A vacina promovida por um desafeto político provocou a fúria de Bolsonaro. A partir de agosto, o presidente passou a sistematicamente minar a confiança na Coronavac do governo paulista. Em novembro, Bolsonaro chegou a celebrar a morte de um voluntário brasileiro da vacina – num caso sem relação com o estudo – e a suspensão temporária dos testes.
Atrás do governo paulista, a administração federal apostou num acordo com a AstraZeneca para a produção de vacinas, em parceria com a Fiocruz. Na contramão de quase todos os países do mundo, o Ministério da Saúde se comprometeu inicialmente com apenas uma vacina, e não com um leque diversificado como ocorreu, por exemplo, na União Europeia. A americana Pfizer ofereceu 70 milhões de doses de sua vacina contra a Covid-19, em 15 de agosto, com entrega prevista a partir de dezembro de 2020. Mas o governo brasileiro não se interessou.
Bolsonaro também chegou a desautorizar Pazuello quando o ministro mostrou interesse em adquirir a vacina paulista. O lançamento da vacina da AstraZeneca acabou sofrendo atrasos após problemas na análise de dados sobre a eficácia, colocando inicialmente o precário plano de imunização federal em dúvida.
Em dezembro, diante do progresso na elaboração do plano de imunização paulista, o governo finalmente resolveu se apressar. Manifestou interesse pela vacina da Pfizer, mas esbarrou na alta demanda mundial. A Pfizer ainda reclamou dos entraves impostos pelo governo para a aprovação da vacina. A resposta de Bolsonaro foi desdenhar da empresa. “Os laboratórios não tinham que estar interessados em vender para a gente?”.

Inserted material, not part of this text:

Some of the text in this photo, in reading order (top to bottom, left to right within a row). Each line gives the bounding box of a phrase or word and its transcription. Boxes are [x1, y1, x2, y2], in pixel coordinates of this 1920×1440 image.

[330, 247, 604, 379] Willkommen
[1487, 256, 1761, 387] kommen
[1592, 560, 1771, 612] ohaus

Anúncios contraditórios – Diante do avanço da imunização em outros países, Pazuello começou a fazer anúncios contraditórios e promessas que logo eram desmentidas. Chegou a afirmar que a vacinação poderia começar em dezembro com doses da Pfizer, mesmo depois de a empresa dizer que não poderia fornecer nenhuma dose naquele mês. Em um espaço de dias, ele ainda lançou datas como janeiro, fevereiro ou março para o início da vacinação.
Em dezembro, o governo finalmente apresentou um vago plano de imunização, sem datas e com informações incompletas sobre protocolos de segurança. Cientistas que foram citados como colaboradores reclamaram que nunca tinham visto o documento.
Tardiamente, o governo lançou em dezembro uma licitação para comprar mais de 330 milhões de seringas. O setor que produz o material reclamou que já vinha alertando o governo desde julho para apressar a compra do material. A licitação foi um fracasso. Só 7,9 milhões foram garantidos.
Bolsonaro acabou suspendendo a compra e culpou os fabricantes por supostamente elevarem os preços. No entanto, ele não havia feito objeções em 2020 ao adquirir doses de hidroxicloroquina por três vezes o valor de mercado.
E quando o fracasso da licitação foi revelado pela imprensa, o Ministério da Saúde usou suas redes para publicar um falso desmentido. No entanto, o próprio governo usou o fracasso como justificativa para barrar a exportação de seringas em documento enviado à Secretaria de Comércio Exterior.